Thus, the tangent vector that corresponds to $f$ in the space of half-densities is

$$\frac{1}{2}f\sqrt{\mu}. $$

The inner product of two such tangent vectors is

$$ \int\frac{1}{2}f\sqrt{\mu}\cdot\frac{1}{2}g\sqrt{\mu}= \frac{1}{4} \int fg\mu. $$

Thus, up to the inessential factor $\frac{1}{4}$, we regain our original Riemannian metric on ${\mathcal {M}}_{+}({\varOmega })$. In order to eliminate that factor, in Proposition 2.1, we had used the sphere with radius 2 instead of that of radius 1. Therefore, we should also modify (3.20) in the same manner if we want to have an isometry.

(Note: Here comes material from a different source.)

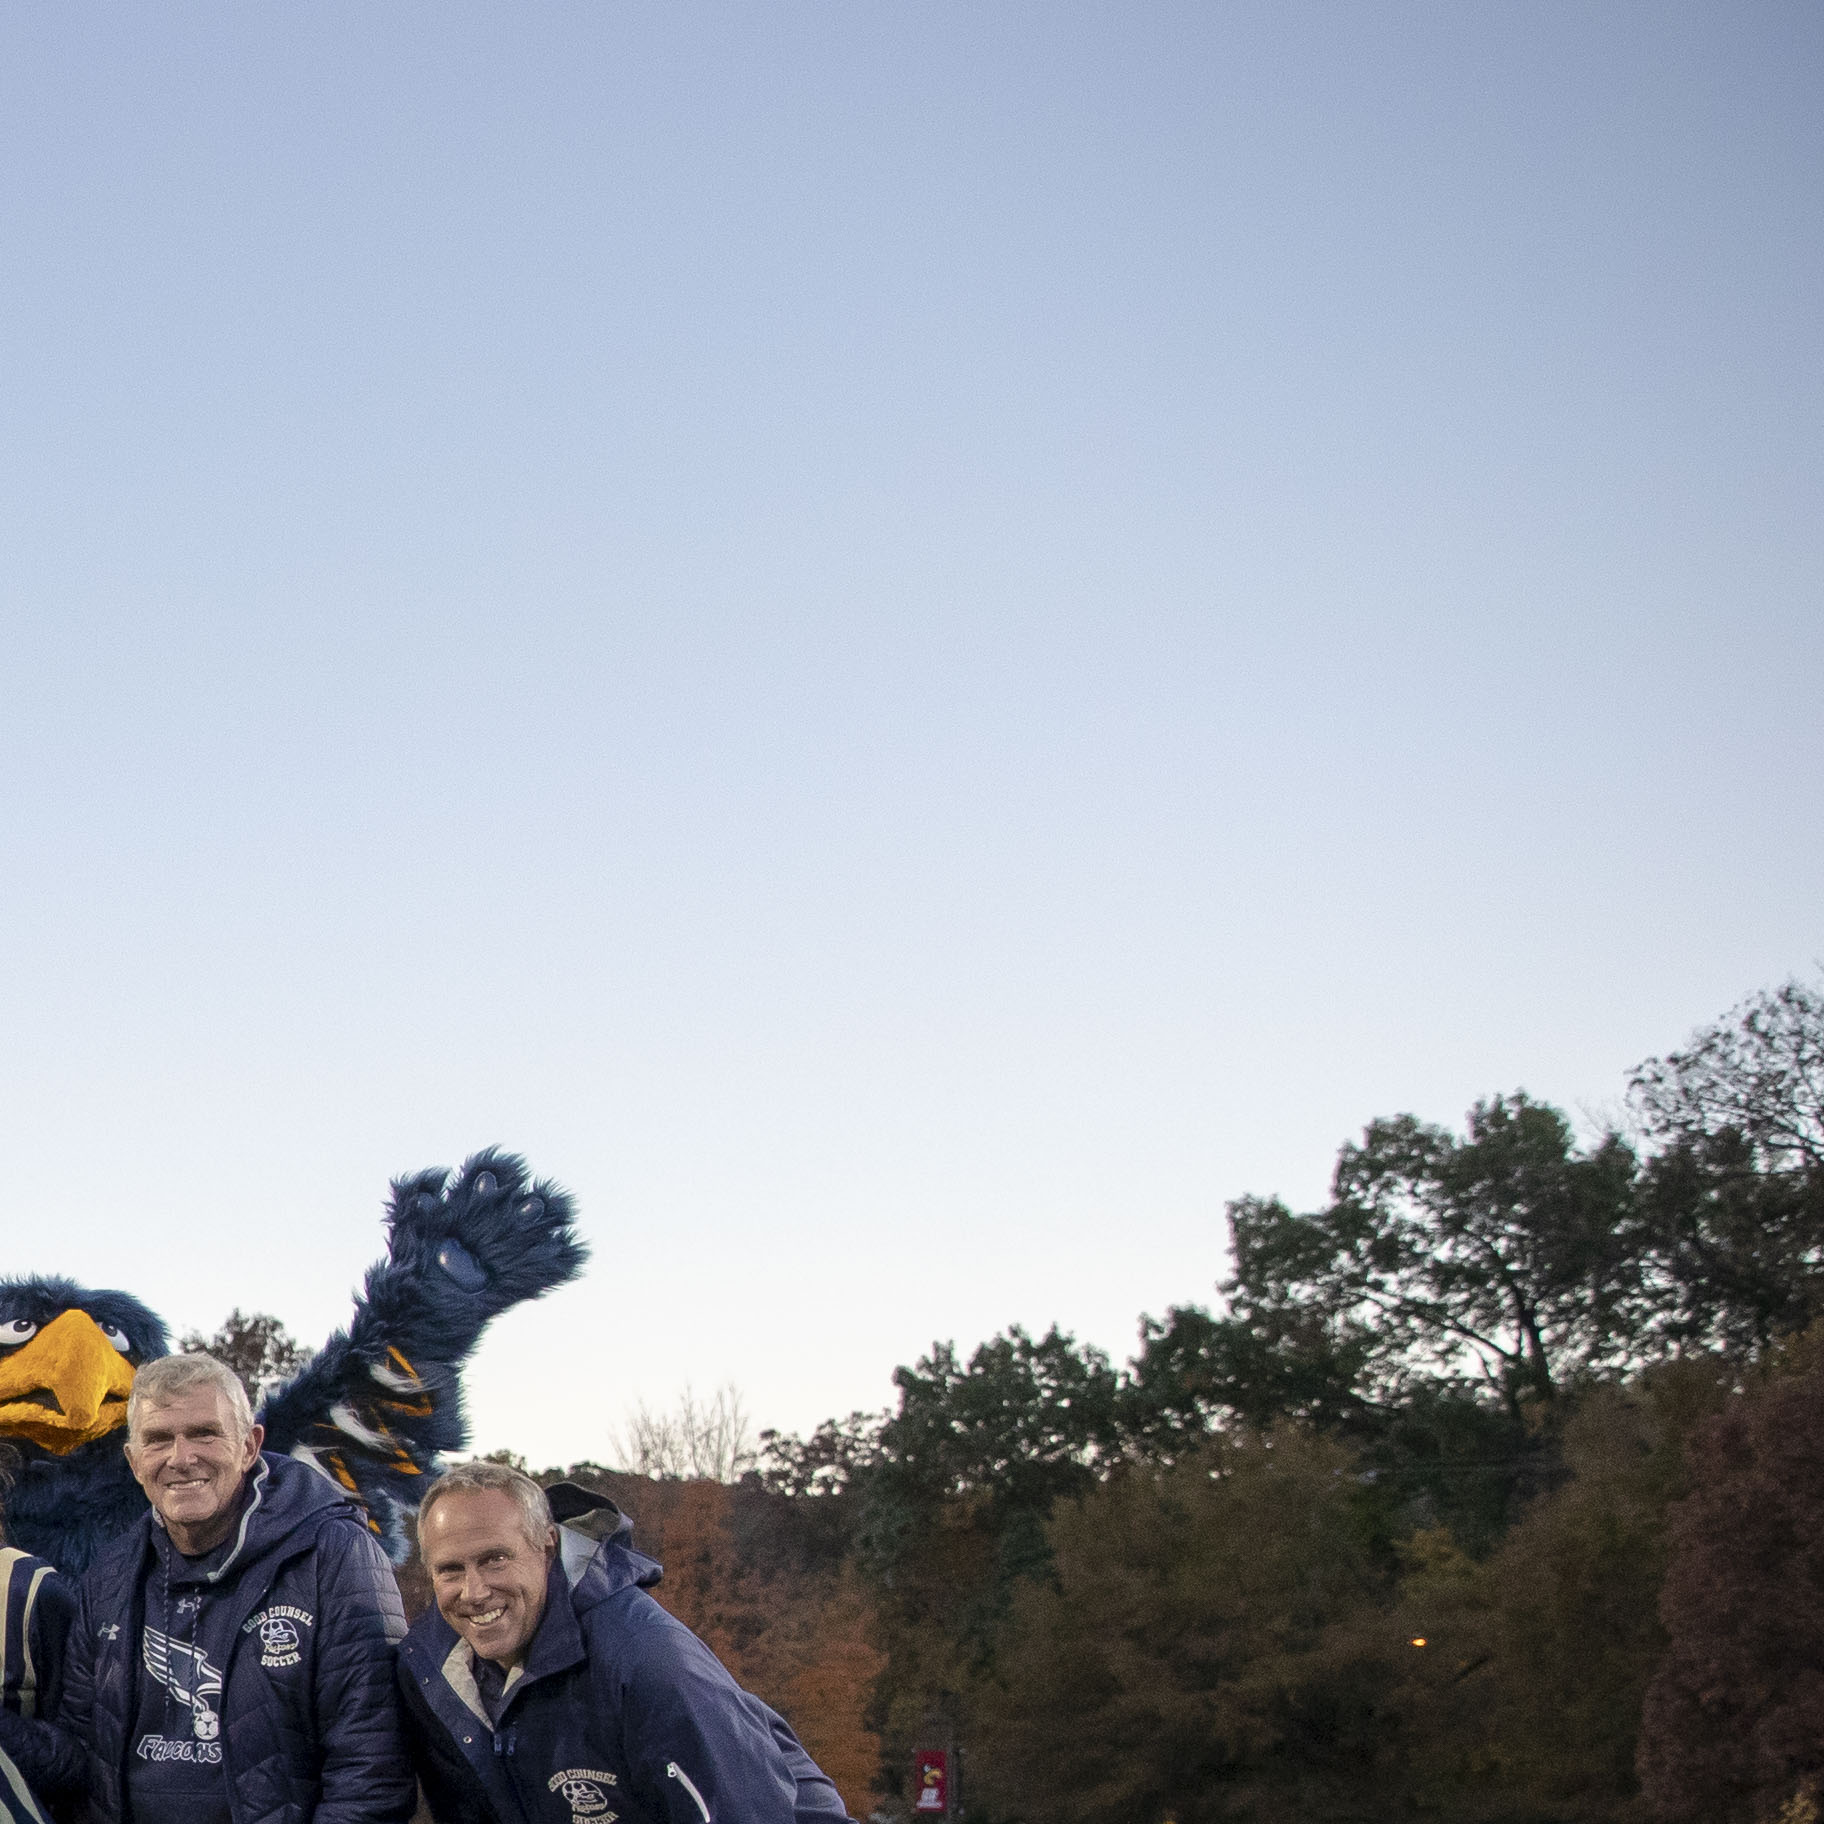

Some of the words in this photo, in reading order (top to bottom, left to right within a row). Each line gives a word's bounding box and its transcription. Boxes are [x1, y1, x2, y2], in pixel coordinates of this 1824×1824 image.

Let us now translate this into the usual statistical interpretation: We have a family $p(x;s)$ of probability measures depending on a parameter $s$, $-\varepsilon< s<\varepsilon$. Then the squared norm of the tangent vector to this family at $s=0$ is (up to some factor 4)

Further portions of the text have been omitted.